Don’t Check Your Phone First Thing in the Morning
- When I was in the habit of checking my phone right upon waking, I was opening my brain up to the whole Internet as its first input in the morning. A whirlwind of thoughts would ensue from all the things I saw. How could I possibly gather my thoughts and plan for the day?
- Try waiting until after you’ve gone through your morning routine, and finished the most important tasks you’ve set out to do for the morning before checking your phone and opening up your attention to others. I can’t stress enough how much of an impact this has made.
Curb Social Media Use
- This may be the hardest one to implement as using social media gives instant access to the illusion of satisfying basic needs of connectedness, belonging, validation. When used correctly, Facebook and other platforms can be really useful for staying in touch with people. The problem is, usage quickly becomes compulsive, and can become a failed attempt to fill one of the voids of those basic needs. Those needs can be fulfilled by real human interaction or a more personal interaction with someone – text, call, FaceTime, etc.
- Try checking your accounts one to two times a day (or less), and just spend 10 conscious minutes during that time connecting with friends.
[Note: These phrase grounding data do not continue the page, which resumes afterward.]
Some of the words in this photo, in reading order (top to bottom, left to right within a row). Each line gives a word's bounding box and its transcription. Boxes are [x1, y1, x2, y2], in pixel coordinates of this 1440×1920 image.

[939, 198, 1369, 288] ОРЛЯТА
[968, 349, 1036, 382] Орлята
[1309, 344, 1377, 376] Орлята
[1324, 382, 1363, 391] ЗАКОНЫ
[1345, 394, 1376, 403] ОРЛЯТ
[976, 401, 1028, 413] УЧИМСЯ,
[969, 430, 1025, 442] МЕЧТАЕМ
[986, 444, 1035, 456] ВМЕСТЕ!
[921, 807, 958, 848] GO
- I’d recommend hopping off of all social media for a month or two, just to be able to notice your habits and how your brain yearns for that rush, and how you can satisfy it by spending more real time with people. I went about eight months without it to fully understand and let my brain repair its reward systems. Nothing important was missed, and I stayed in touch with all the people I wanted to (and better than ever, because personal contact was the only means to).
Curb Idle Phone Checking
- Checking your phone compulsively is the biggest indicator of dopamine-seeking behavior.
- Get the app Moment – it keeps track of how many minutes/days you spend on your phone, as well as how many times you check it. Set a number for both that you’re satisfied with and stick to them.
Conscious Use
- This is the goal: to use the phone or computer when you need to and not get instantly distracted when you do. When you reach for your phone or your computer, think about what you’re doing before you do it. If you can’t consciously think of a reason you’re checking, then restrain yourself.
I’ll leave you with this awesome excerpt from Brendon Burchard’s The Motivation Manifesto (highly recommend):
“The final clear indication that someone’s life agenda is not their own is constant lack of focus. It is that terrible and never-ending distraction of the modern world that is stealing purpose and progress from our lives. It’s becoming a defining hour of humanity, where we either take back our attention or risk becoming emotionally addicted to our technology, to devices that somehow, though they have neither soul or intent, control us more than we control them. Humankind is fast becoming a slave to its own tools. Hours of the day seep away checking in, updating, and swiping, to what end?”